The county answer also referenced Section 768.28 of the Florida Statutes, which provides legal immunity provisions for government entities in Florida and limits “the amount of damages that may be recoverable …” That amount is $200,000, the statute indicates, though a higher figure is possible if the Legislature authorizes it.
Further, Deputy County Attorney Kayan alleged that Stewart “was herself negligent and such negligence was the sole proximate cause of any alleged accident, injuries and damages [that she sustained].” Alternatively, the answer continued, her negligence “was a contributing cause of any alleged accident, injuries and damages …”
Moreover, Kayan contended that Stewart’s injuries were not a result of the accident but “the result of a pre-existing disease process or injury …”
Kayan also demanded a jury trial.
Among the witnesses Stewart’s attorneys named in a list submitted to the court are Dr. Craig Lichtblau of Life Care Planning in North Palm Beach, who is board-certified in physical medicine and rehabilitation (physiatry); Dr.
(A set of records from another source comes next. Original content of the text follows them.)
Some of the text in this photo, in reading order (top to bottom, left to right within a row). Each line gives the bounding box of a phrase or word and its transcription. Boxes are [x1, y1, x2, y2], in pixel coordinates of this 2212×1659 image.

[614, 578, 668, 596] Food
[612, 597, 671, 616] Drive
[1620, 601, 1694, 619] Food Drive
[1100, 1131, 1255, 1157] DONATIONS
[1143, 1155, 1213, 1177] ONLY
Manuel Gordillo, Sarasota Memorial Hospital’s infectious disease specialist; nine other physicians, including two associated with Imminent Surgical Associates in Sarasota; a Sarasota dentist; a physical therapist; and staff of Baycare Home Health in Sarasota.
A document that Circuit Judge McHugh signed on March 28, in preparation for the May trial, included a statement that would be read to potential jurors.
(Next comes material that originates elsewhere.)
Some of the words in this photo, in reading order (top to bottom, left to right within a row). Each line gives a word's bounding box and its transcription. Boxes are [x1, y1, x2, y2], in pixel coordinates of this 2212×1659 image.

That statement provided details of the May 2020 incident, with Stewart’s allegation that Kanayama “negligently drove [a] Ford F550 pickup while trying to execute a U-turn along Bahia Vista Street, and drove into the pedestrian crosswalk where [Stewart] was jogging, striking her from behind and causing her to be injured. [Stewart] seeks damages for her economic and noneconomic injuries.”
The statement added, “The County admits that its employee caused the accident while employed and in his scope of work but disputes the extent of the damages claimed by [Stewart].”
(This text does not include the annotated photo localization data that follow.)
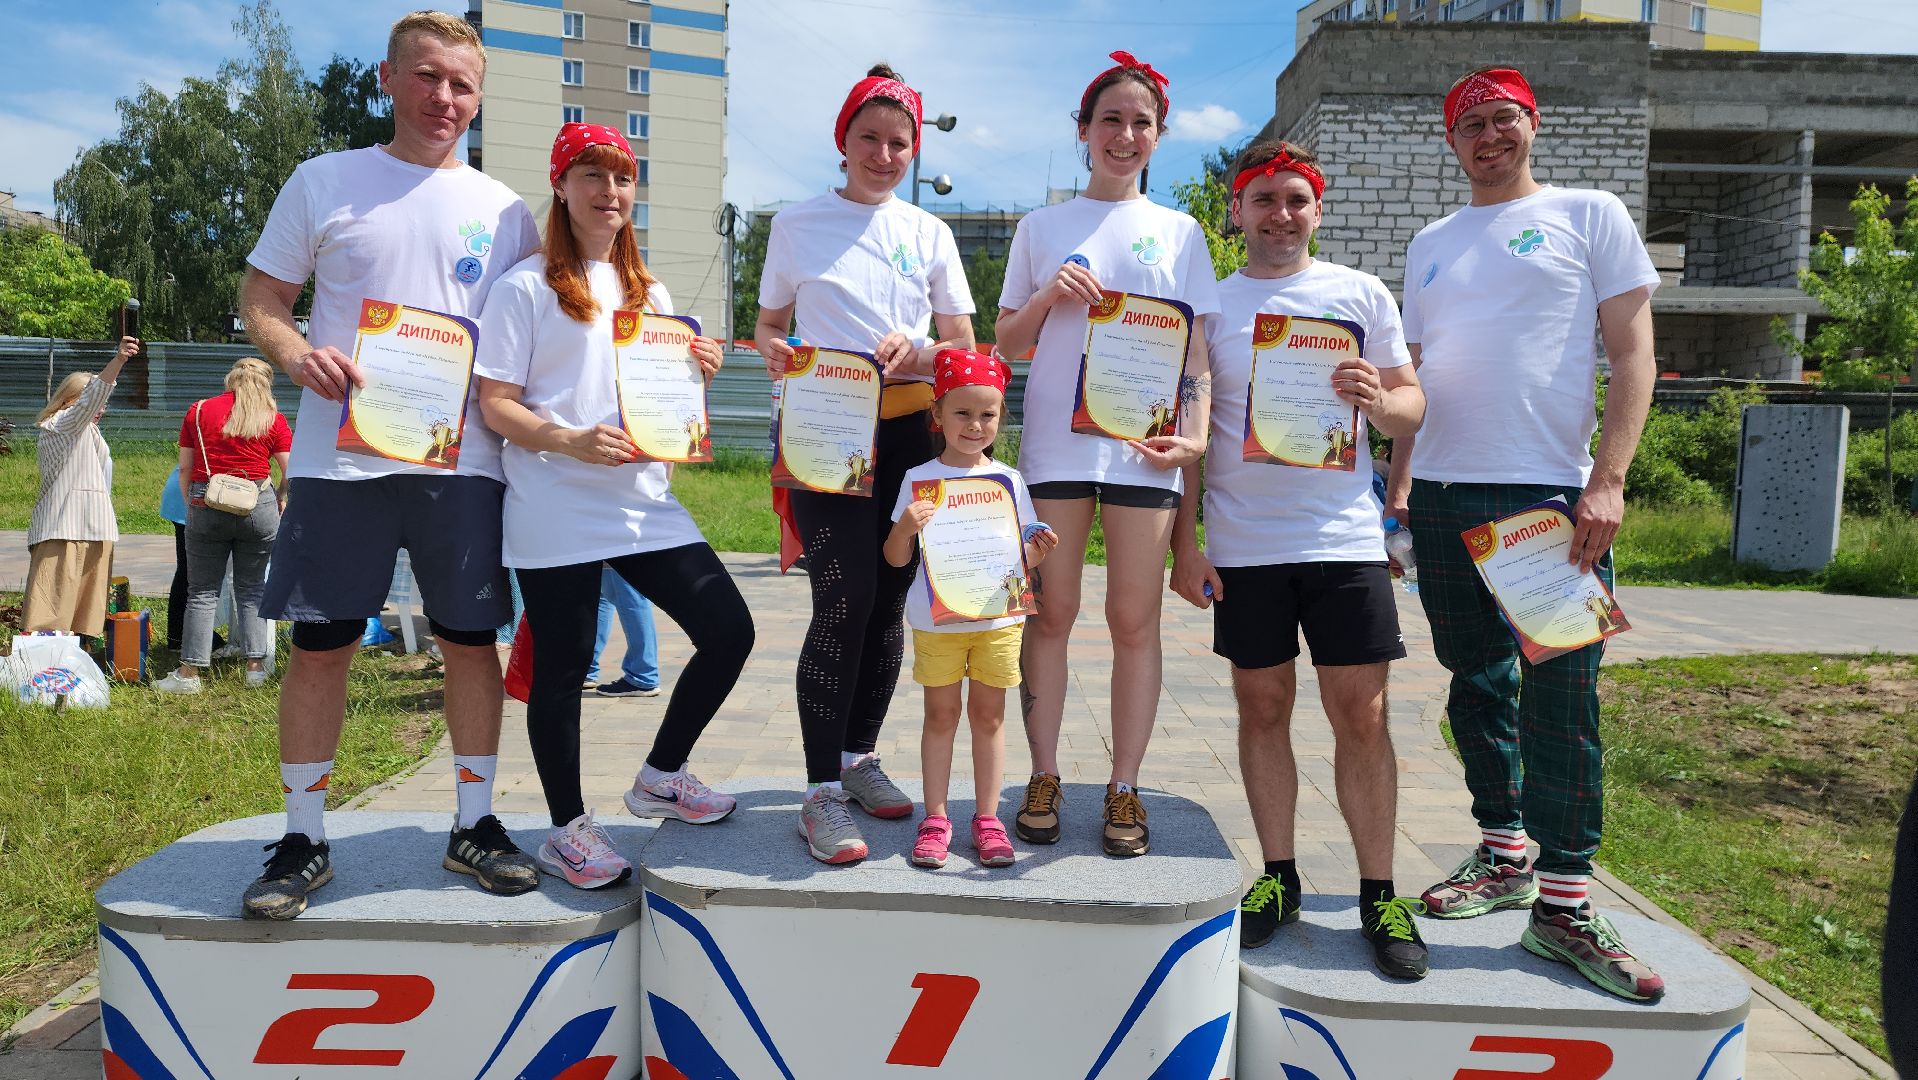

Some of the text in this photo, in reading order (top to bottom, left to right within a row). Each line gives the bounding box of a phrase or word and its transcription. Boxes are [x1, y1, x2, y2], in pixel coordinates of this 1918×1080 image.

[1121, 310, 1181, 331] ДИПЛОМ
[396, 323, 464, 347] ДИПЛОМ
[642, 330, 691, 346] ДИПЛОМ
[1287, 333, 1350, 351] ДИПЛОМ
[814, 364, 872, 383] ДИПЛОМ
[947, 489, 1003, 509] ДИПЛОМ
[1502, 515, 1561, 550] ДИПЛОМ
[252, 973, 435, 1067] 2
[886, 972, 981, 1068] 1
That March 28 order also said that the county stipulated to the “[a]uthenticity of medical records, medical bills and expenses, and Plaintiff’s wage information; and that the county “is liable for injuries caused by Kanayama’s negligence which occurred while he was acting within the course and scope of his employment …”
County Media Relations Officer Drew Winchester told The Sarasota News Leader on April 28 that Kanayama was a skill trades worker for the county at the time of his retirement in June 2020.
In regard to the scheduled trial, the order estimated the length at five days; the jurors were expected to be drawn from a pool of 40 persons. Further, the order called for one hour per side for opening arguments.
Charges against Kanayama
On Dec. 10, 2020, court records show, Kanayama sent a letter to the Sarasota County Clerk of Court, enclosing a check for $334, which he indicated was his final payment of the $500 fine lodged against him as a result of the Stewart incident.
In a search of 12th Judicial Circuit Court records, the News Leader found two other traffic infractions with which Kanayama had been charged.
In October 2006, he was cited for failure to stop at a steady red signal. He paid the “statutory fine” in that case, the docket says.
Then, on Aug. 12, 2013, he was cited for not wearing a seatbelt as the driver of a vehicle. The fine due, as noted on the form, was $116.